▶ _WORK TASK_
Output the data in full. Keep every word exact and exclude the pictures.

▶ _PROVIDED INFORMATION_
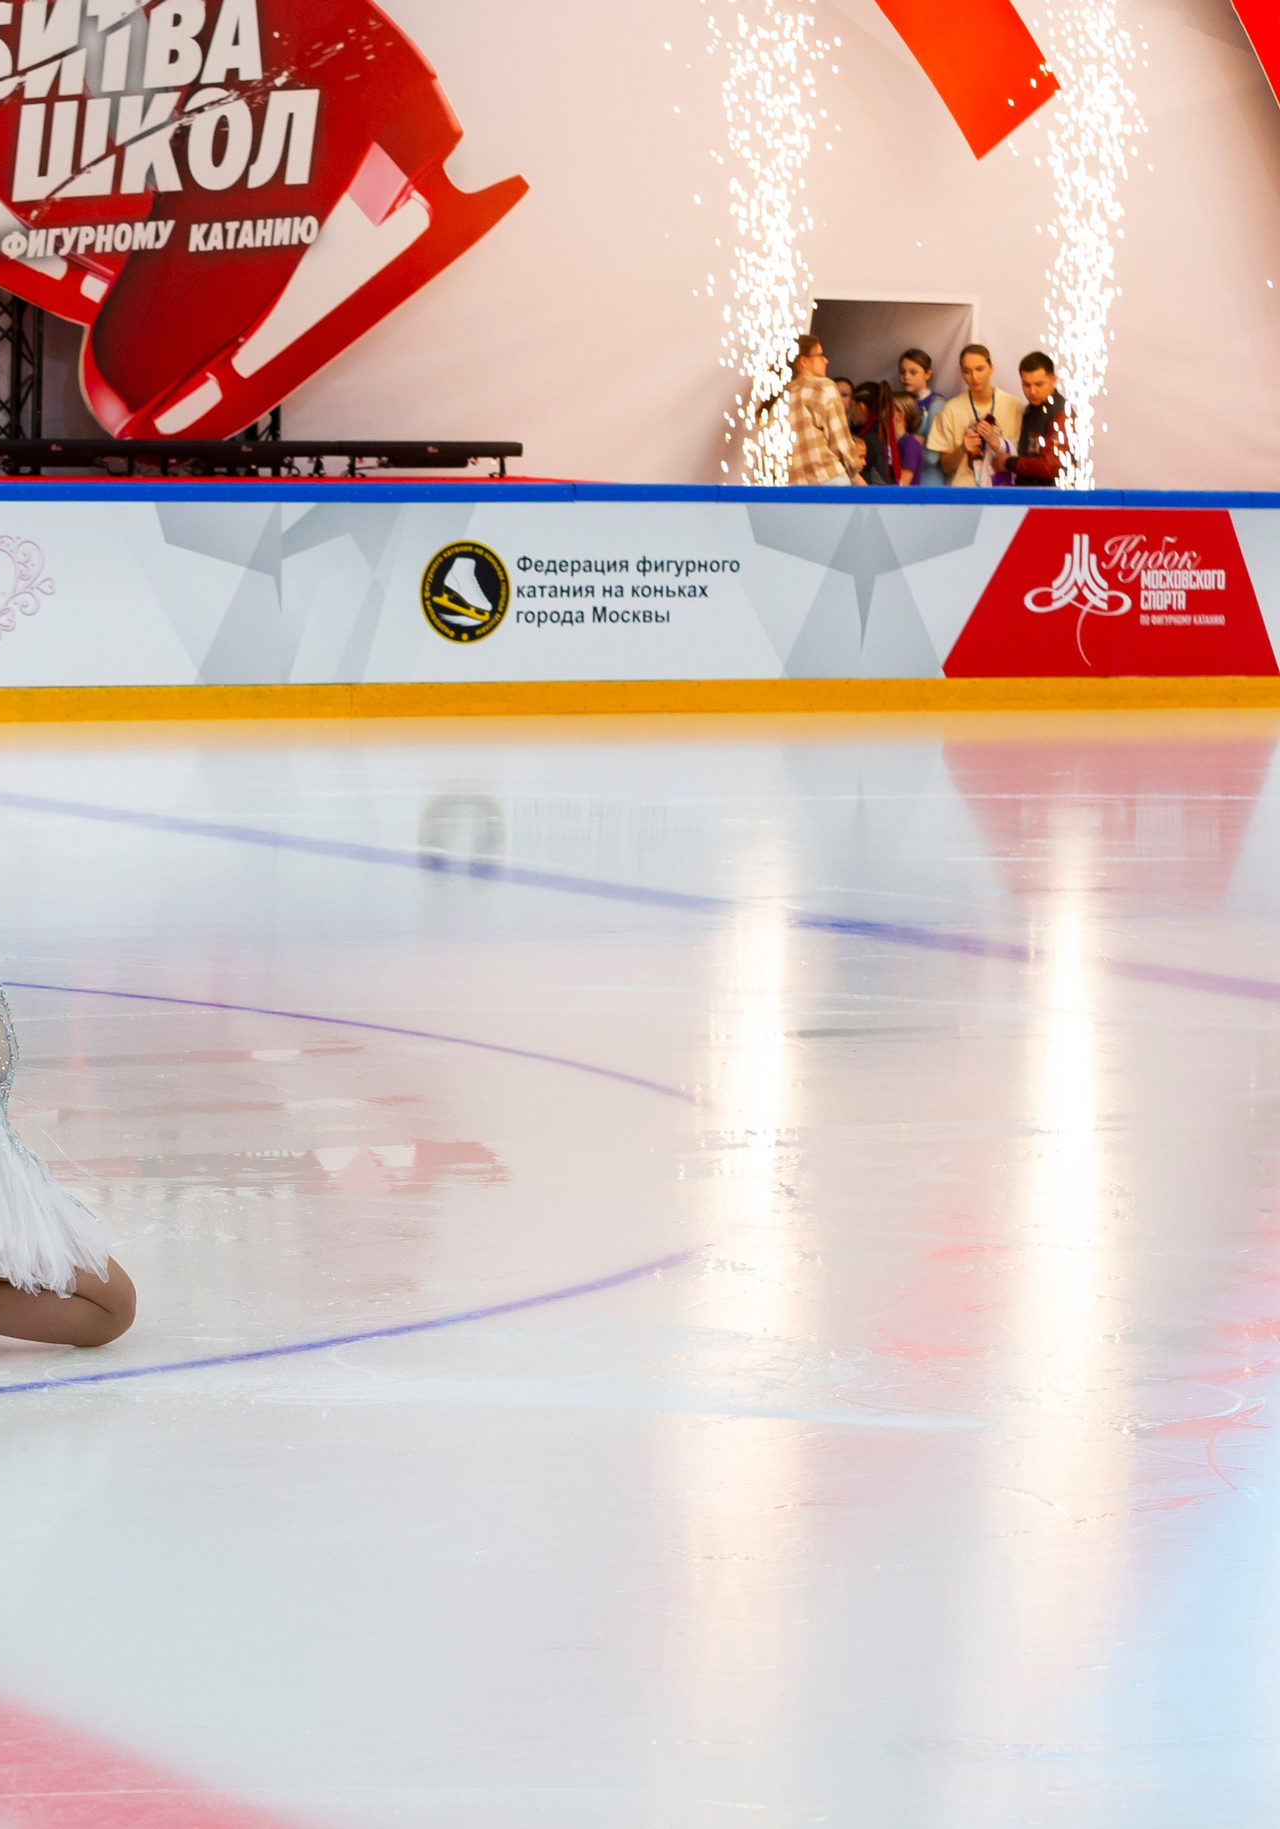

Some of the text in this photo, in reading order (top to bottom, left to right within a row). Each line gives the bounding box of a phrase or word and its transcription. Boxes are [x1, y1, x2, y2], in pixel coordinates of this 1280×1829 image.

[12, 87, 320, 202] ШКОЛ
[1, 220, 176, 259] ФИГУРНОМУ
[188, 215, 320, 253] КАТАНИЮ
[516, 555, 740, 578] Федерация фигурного
[1100, 534, 1203, 584] Кубок
[1140, 569, 1226, 590] МОСКОВСКОГО
[516, 584, 709, 599] катания на коньках
[1139, 590, 1187, 611] СПОРТА
[516, 606, 670, 628] города Москвы

▶ _ANSWER_
Some of the text in this photo, in reading order (top to bottom, left to right within a row). Each line gives the bounding box of a phrase or word and its transcription. Boxes are [x1, y1, x2, y2], in pixel coordinates of this 1280×1829 image.

[12, 87, 320, 202] ШКОЛ
[1, 220, 176, 259] ФИГУРНОМУ
[188, 215, 320, 253] КАТАНИЮ
[516, 555, 740, 578] Федерация фигурного
[1100, 534, 1203, 584] Кубок
[1140, 569, 1226, 590] МОСКОВСКОГО
[516, 584, 709, 599] катания на коньках
[1139, 590, 1187, 611] СПОРТА
[516, 606, 670, 628] города Москвы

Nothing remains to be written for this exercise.